Similarly, the delay time Ti of all the oscillators ei is
is changed.

As a result, a new delay map is obtained, but this is a delay map that takes into account the difference in sound speed, and has less focus shift than the original delay map.

The CPU 7 repeats the above operation as many times as necessary to sufficiently reduce the focus shift.

Once the delay map has been corrected, blood flow imaging is performed by operating the basic functions described above.

[Effects of the Invention] According to the sound speed adaptive ultrasonic imaging device of the present invention, the focus shift caused by the difference in sound speed in each part of the observation target is automatically corrected, and highly accurate focusing can be performed. .

Therefore, the resolution of the image can be improved.

[Brief Description of the Drawings] Fig. 1 is a block diagram of an ultrasonic blood flow imaging device including a sound velocity adaptive ultrasonic imaging device according to an embodiment of the present invention, and Fig. 2 shows the relationship between the transducer array and observation points.

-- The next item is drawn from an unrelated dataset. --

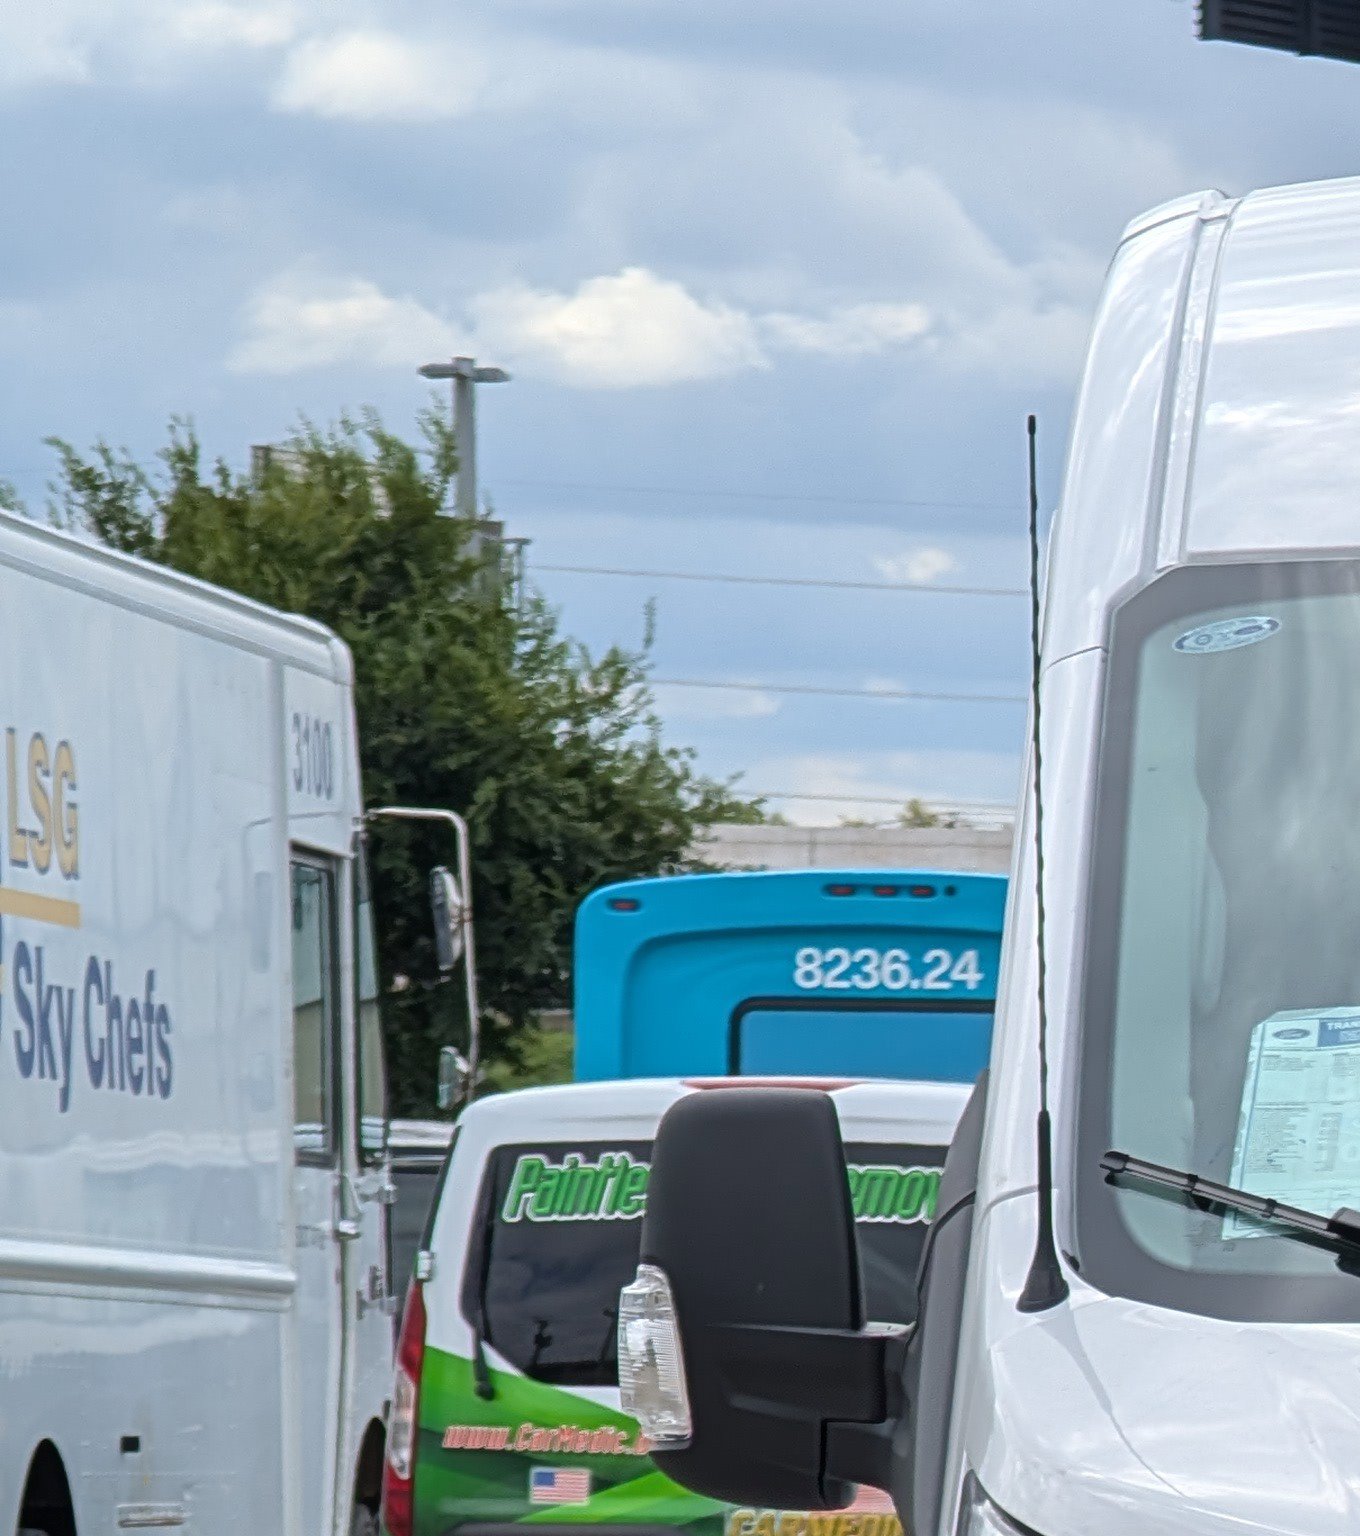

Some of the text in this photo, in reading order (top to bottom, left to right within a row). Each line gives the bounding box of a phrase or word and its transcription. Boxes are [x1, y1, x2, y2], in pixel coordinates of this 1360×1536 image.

[6, 727, 80, 880] LSG
[793, 947, 985, 990] 8236.24
[13, 941, 174, 1113] Sky Chefs
[502, 1152, 651, 1222] Paintle

Conceptual diagram shown, 3rd
The figure is a conceptual diagram of a delay map when the speed of sound is constant, FIG. 4 is a distribution diagram of delay time differences between adjacent vibrators, and FIG. 5 is a conceptual diagram of a corrected delay map. (Explanation of symbols) 1... Ultrasonic blood flow imaging device 2... Probe 3... Dual beam former 4... Real time controllers 5a, 5b... Detector

Claims (1)

[Claims] 1. Ultrasonic transmitting/receiving means for obtaining ultrasonic echo signals from a predetermined observation point using two different sound rays based on a delay map in which the speed of sound is set as constant, and a phase difference calculation means for calculating the phase difference between the two sound rays. and a delay map modifying means for modifying the delay time of the delay map so that the phase difference is reduced.